On Sept. 15, as part of the annual St. Stephens A.M.E Church homecoming festivities beginning at 10:30AM, the Needle’s Eye Academy will be joined by direct descendants of the Unionville Eighteen and diverse literary landscape champions in unveiling a first-of-its kind Little Free Library on the MD Eastern Shore. Representing MD among the Inaugural Read in Color Cohort in 2023, the Education Foundation of Baltimore County Public Schools expanded the program to the 22nd largest American school system. However, this effort will mark the state’s first rural commitment.
From last September to this past February, the Maryland Commission on African American History and Culture launched an inaugural statewide book drive and the Academy’s partnership with Talbot County Free Library garnered the largest tally of donations anywhere in the state— eclipsing 200. In keeping with the Read in Color® pledge, this book-sharing box designed by local youth will house the locally contributed titles compiled over the course of the drive. Unionville is an indelible Tidewater community of color, especially considering its legacy as the only village in the United States founded by formerly enslaved soldiers, and this public ceremony aims to connect contemporaries’ sense of place to enduring tools of liberation.
In addition to reflections from congregants and tradition bearers, remarks will be delivered by acclaimed poet, author and professor Carole Boston Weatherford; MD Commission on African American History and Culture Statewide Book Drive Committee Chair Kennedi Wilson; and Southern MD Regional Library Association CEO and Black Caucus of MD Library Association founding member Ashley Teagle.
Unionville was established in 1867 by eighteen United States Colored Troop (USCT) veterans who returned from the United States Civil War.
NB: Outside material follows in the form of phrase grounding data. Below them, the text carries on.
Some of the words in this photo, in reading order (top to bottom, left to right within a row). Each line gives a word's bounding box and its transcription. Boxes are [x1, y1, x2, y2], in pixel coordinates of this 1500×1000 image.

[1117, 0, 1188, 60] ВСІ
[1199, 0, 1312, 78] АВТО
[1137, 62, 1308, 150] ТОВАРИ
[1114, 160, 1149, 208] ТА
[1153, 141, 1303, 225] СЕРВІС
Over 300 enslaved and free Black men left the Wye and Lombardy Plantation to serve in the Union Army—many enlisted, some were sold into the Army and most served in the 4th & 7th Regiment of the Maryland Volunteers. Upon their return, Lombardy Plantation owners Ezekiel & Sarah Cowgill along with their son, John, leased each solider a parcel of land with the stipulation that they build a church for their families and a school for their children. The first church was built in 1871 and St. Stephen’s African Methodist Episcopal Church, located at 9467 Unionville Rd., was built in 1892. All eighteen of the United States Colored Troop soldiers are buried in the cemetery behind the Church with USCT Army headstones as their markers.
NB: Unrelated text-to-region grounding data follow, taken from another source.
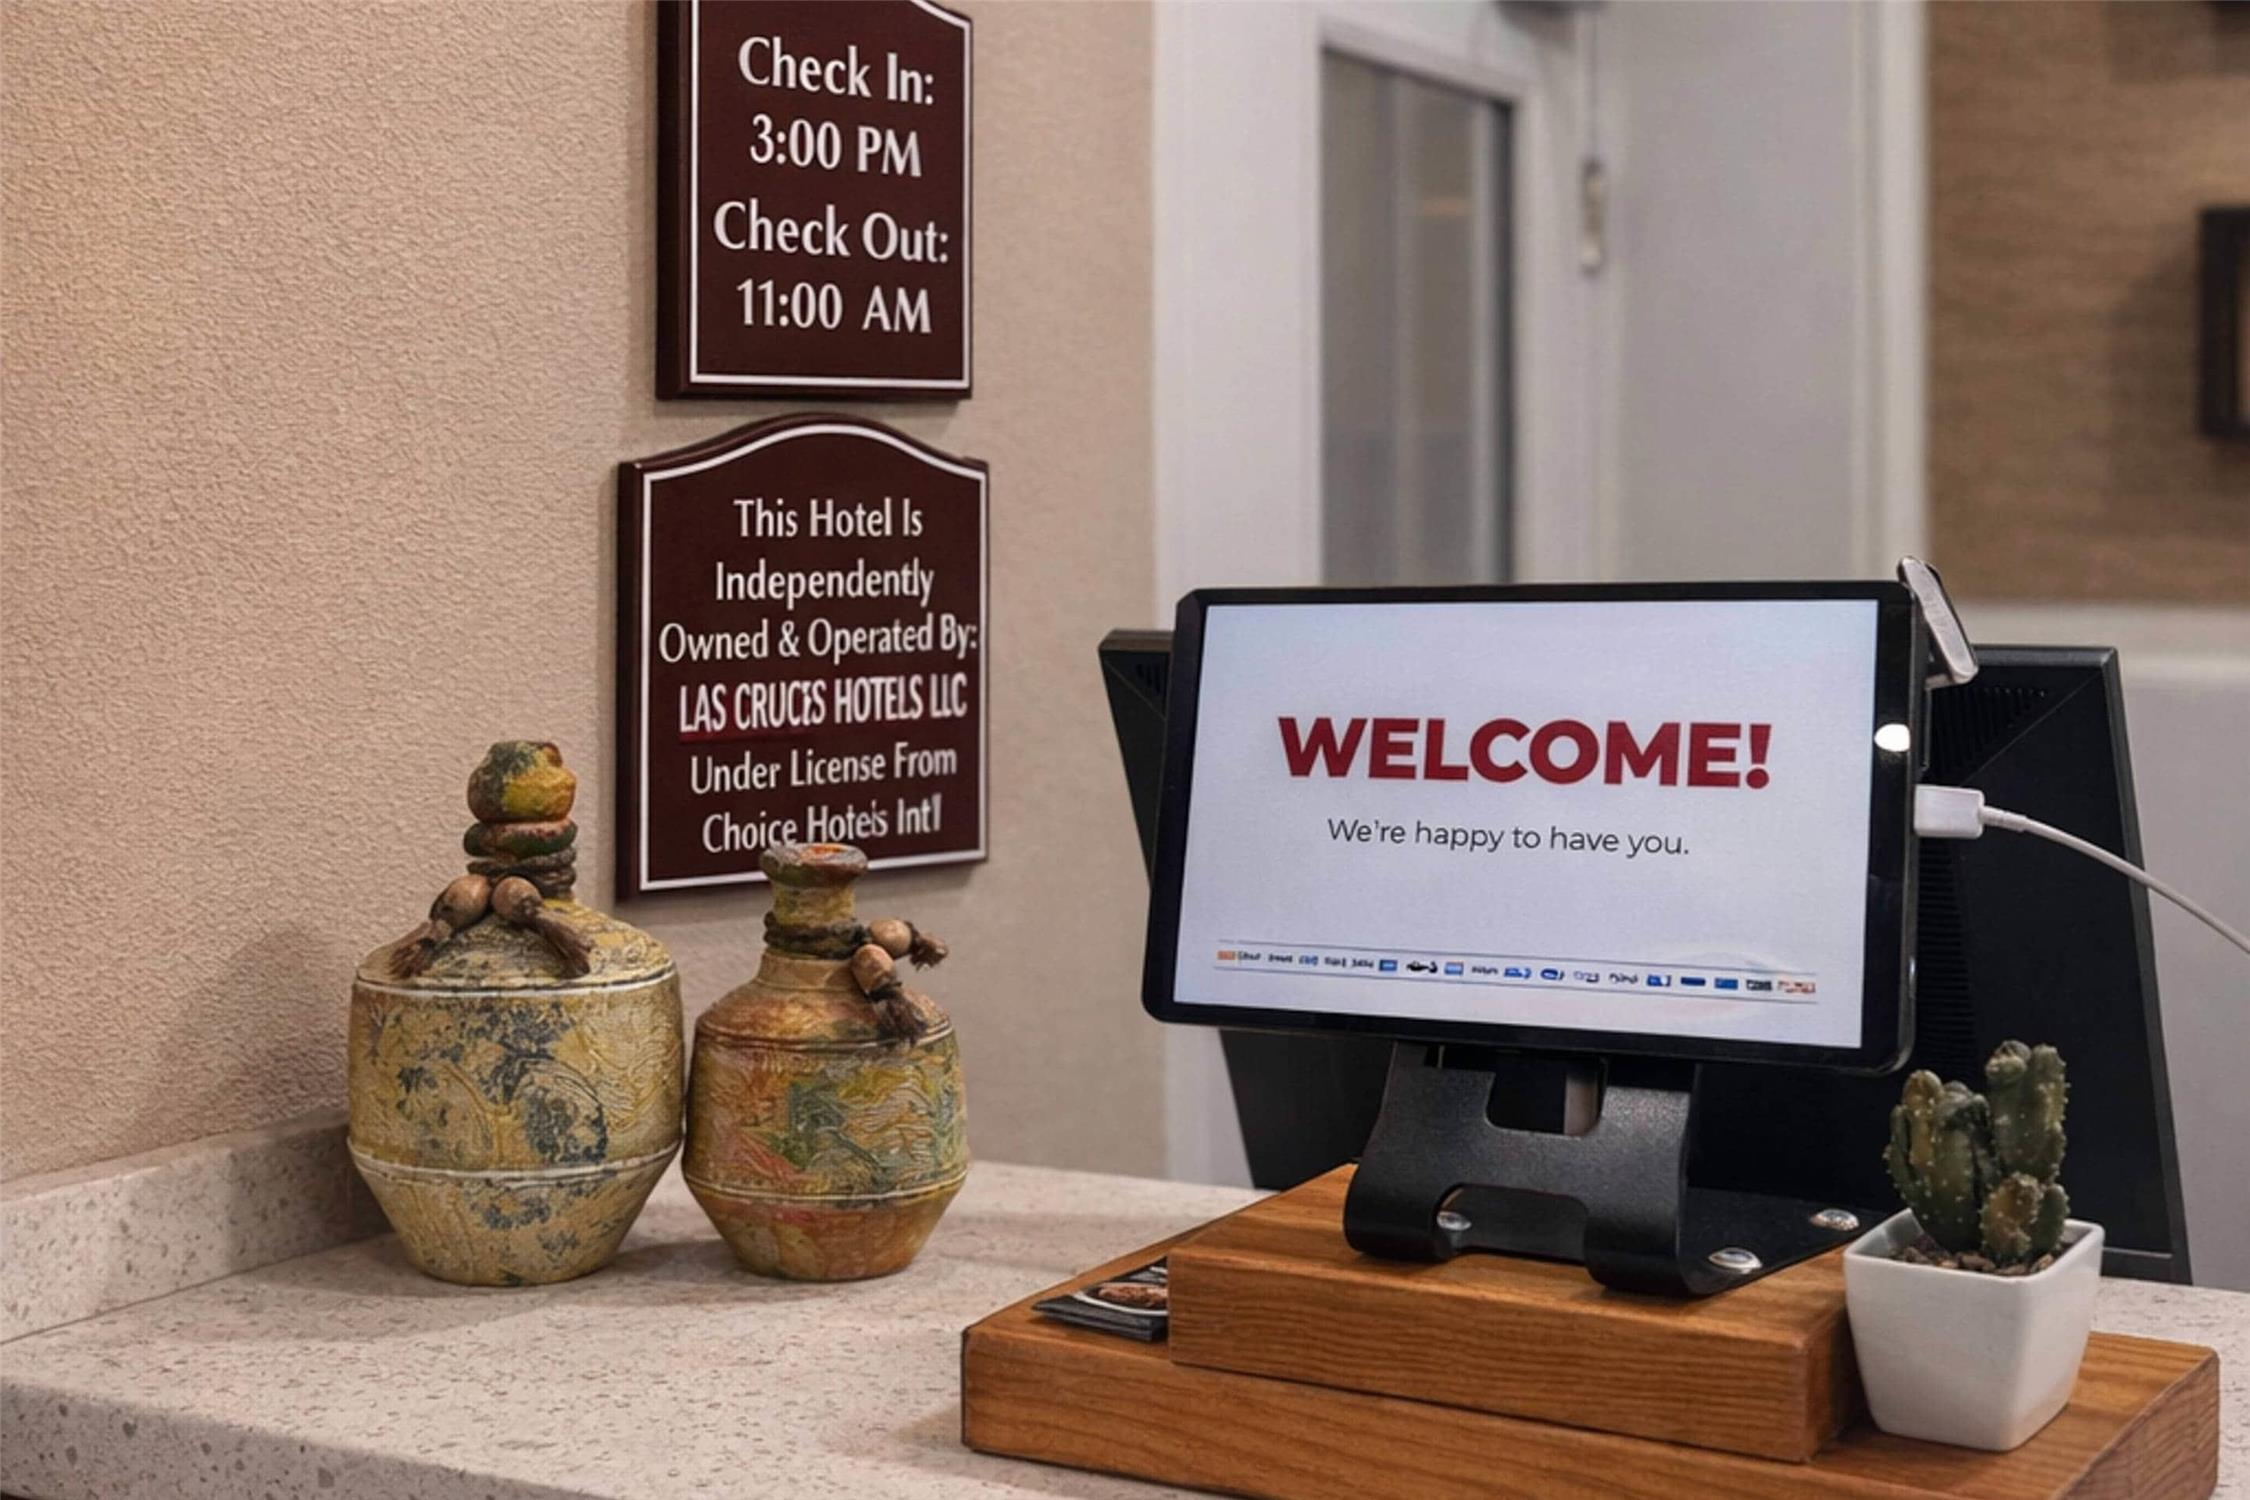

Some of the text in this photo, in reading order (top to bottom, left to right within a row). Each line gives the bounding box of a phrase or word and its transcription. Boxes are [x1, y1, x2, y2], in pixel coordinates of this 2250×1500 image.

[738, 36, 934, 105] Check In:
[750, 113, 922, 177] 3:00 PM
[713, 198, 949, 263] Check Out:
[737, 279, 932, 334] 11:00 AM
[733, 497, 923, 537] This Hotel Is
[716, 556, 935, 611] Independently
[659, 611, 978, 666] Owned & Operated By:
[680, 683, 727, 733] LAS
[834, 673, 924, 724] HOTELS
[930, 671, 968, 718] LLC
[690, 741, 957, 795] Under License From
[1277, 716, 1773, 790] WELCOME!
[702, 810, 798, 853] Choice
[1327, 818, 1690, 859] We're happy to have you.
Founded in August 2020 to equip Maryland Eastern Shore scholars of color as change agents, the Needle’s Eye Academy partners with school districts and non-profits to provide extracurricular, interdisciplinary literacy programming for socially, culturally and economically diverse high school students. To learn more about the Needle’s Eye Academy, visit https://linktr.ee/the_nea.md. Founders Nicolle, Mika and Jaelon can be reached at [email protected].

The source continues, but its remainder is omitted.